▶ _EXERCISE GOAL_: Go through the listing that follows and write it out exactly. Drop the pictures.

····················

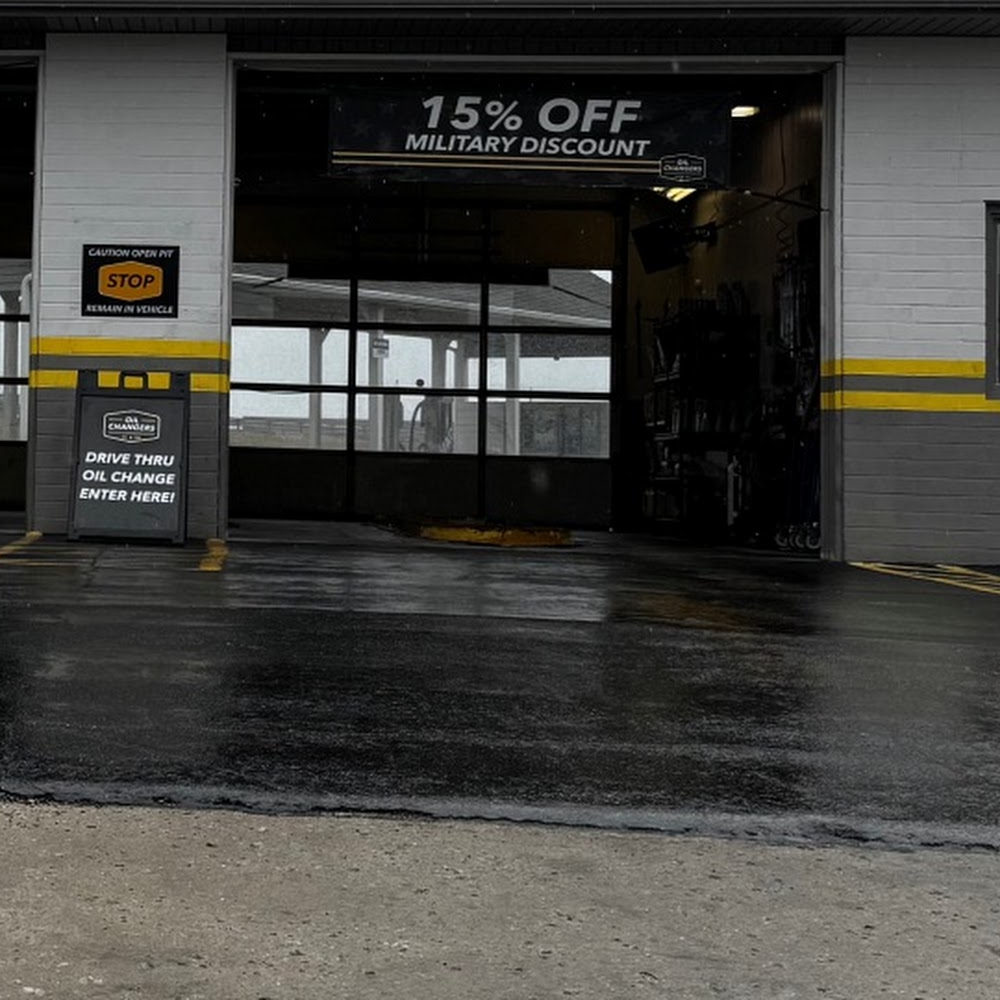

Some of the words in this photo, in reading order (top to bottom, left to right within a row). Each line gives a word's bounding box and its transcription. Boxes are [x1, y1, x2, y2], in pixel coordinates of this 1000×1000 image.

[422, 95, 523, 132] 15%
[538, 97, 642, 134] OFF
[405, 133, 518, 153] MILITARY
[520, 136, 650, 157] DISCOUNT
[88, 248, 129, 258] CAUTION
[131, 249, 158, 259] OPEN
[159, 250, 174, 259] PIT
[107, 274, 155, 288] STOP
[86, 304, 123, 313] REMAIN
[124, 305, 134, 313] IN
[136, 305, 173, 314] VEHICLE
[85, 451, 131, 465] DRIVE
[134, 454, 175, 467] THRU
[82, 470, 107, 482] OIL
[110, 471, 176, 485] CHANGE
[79, 488, 127, 501] ENTER
[130, 490, 175, 503] HERE!
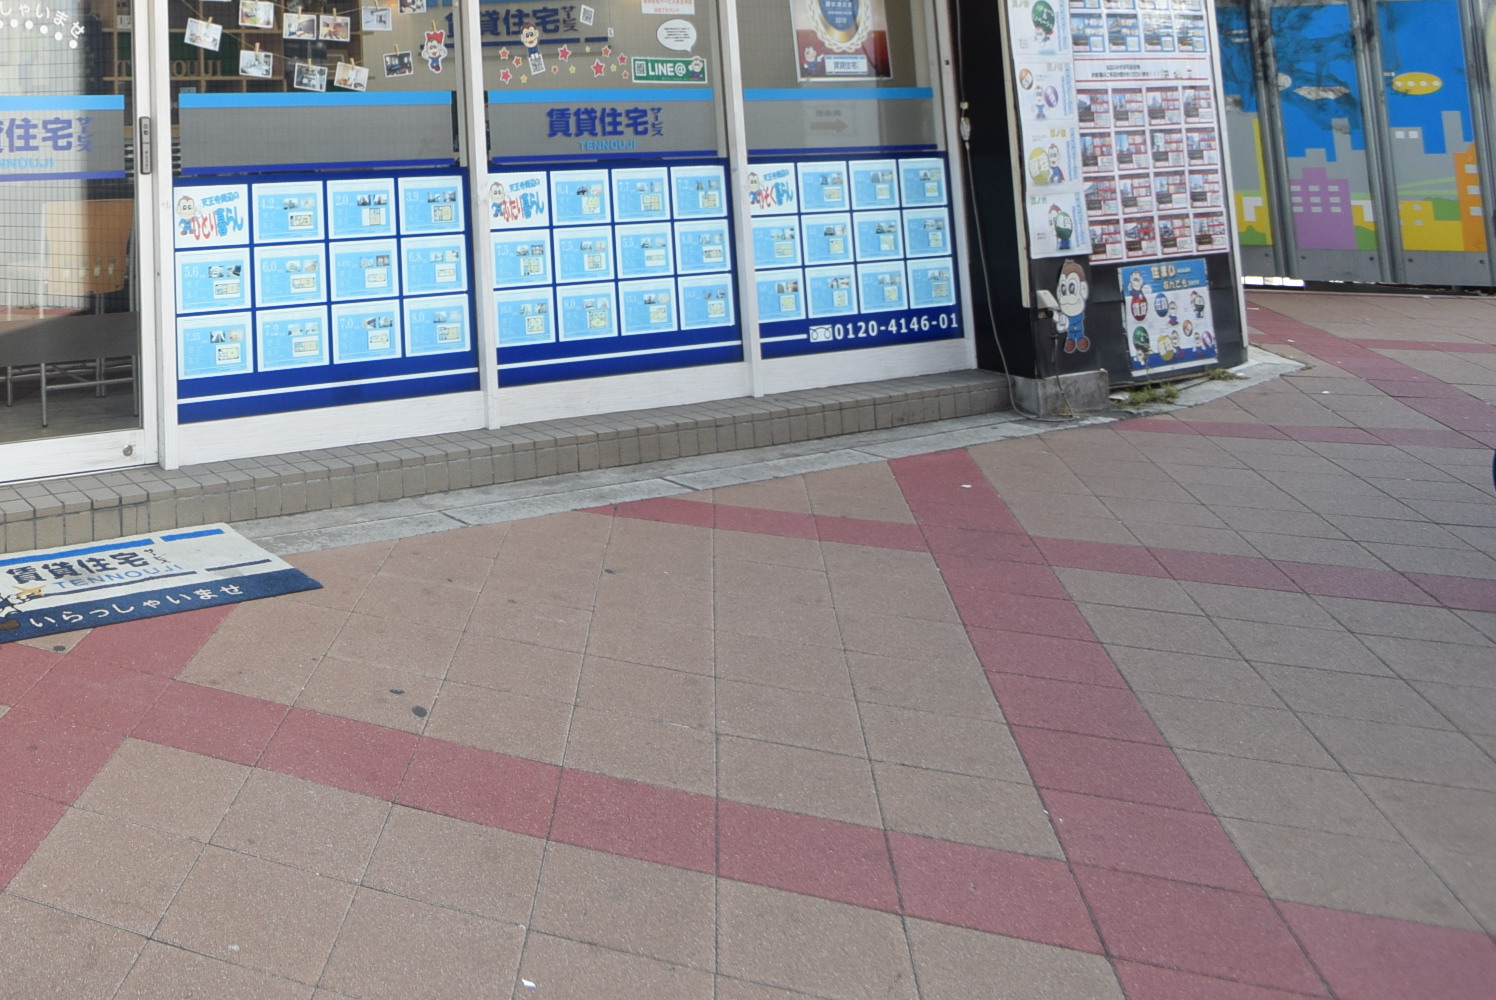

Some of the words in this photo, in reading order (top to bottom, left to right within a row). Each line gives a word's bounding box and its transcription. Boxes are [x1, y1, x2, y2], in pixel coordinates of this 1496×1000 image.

[648, 62, 686, 77] LINE@
[546, 107, 649, 139] 賃貸住宅
[579, 140, 637, 151] TENNOUJI
[184, 265, 199, 278] 5.6
[262, 260, 277, 273] 6.0
[264, 324, 279, 337] 7.2
[834, 312, 958, 340] 0120-4146-01
[5, 550, 151, 585] 賃貸住宅
[52, 564, 184, 590] TENNOUJI
[29, 584, 244, 628] いらっしゃいませ

····················

▶ _EXERCISE RESULT_:
Some of the words in this photo, in reading order (top to bottom, left to right within a row). Each line gives a word's bounding box and its transcription. Boxes are [x1, y1, x2, y2], in pixel coordinates of this 1000×1000 image.

[422, 95, 523, 132] 15%
[538, 97, 642, 134] OFF
[405, 133, 518, 153] MILITARY
[520, 136, 650, 157] DISCOUNT
[88, 248, 129, 258] CAUTION
[131, 249, 158, 259] OPEN
[159, 250, 174, 259] PIT
[107, 274, 155, 288] STOP
[86, 304, 123, 313] REMAIN
[124, 305, 134, 313] IN
[136, 305, 173, 314] VEHICLE
[85, 451, 131, 465] DRIVE
[134, 454, 175, 467] THRU
[82, 470, 107, 482] OIL
[110, 471, 176, 485] CHANGE
[79, 488, 127, 501] ENTER
[130, 490, 175, 503] HERE!

Some of the words in this photo, in reading order (top to bottom, left to right within a row). Each line gives a word's bounding box and its transcription. Boxes are [x1, y1, x2, y2], in pixel coordinates of this 1496×1000 image.

[648, 62, 686, 77] LINE@
[546, 107, 649, 139] 賃貸住宅
[579, 140, 637, 151] TENNOUJI
[184, 265, 199, 278] 5.6
[262, 260, 277, 273] 6.0
[264, 324, 279, 337] 7.2
[834, 312, 958, 340] 0120-4146-01
[5, 550, 151, 585] 賃貸住宅
[52, 564, 184, 590] TENNOUJI
[29, 584, 244, 628] いらっしゃいませ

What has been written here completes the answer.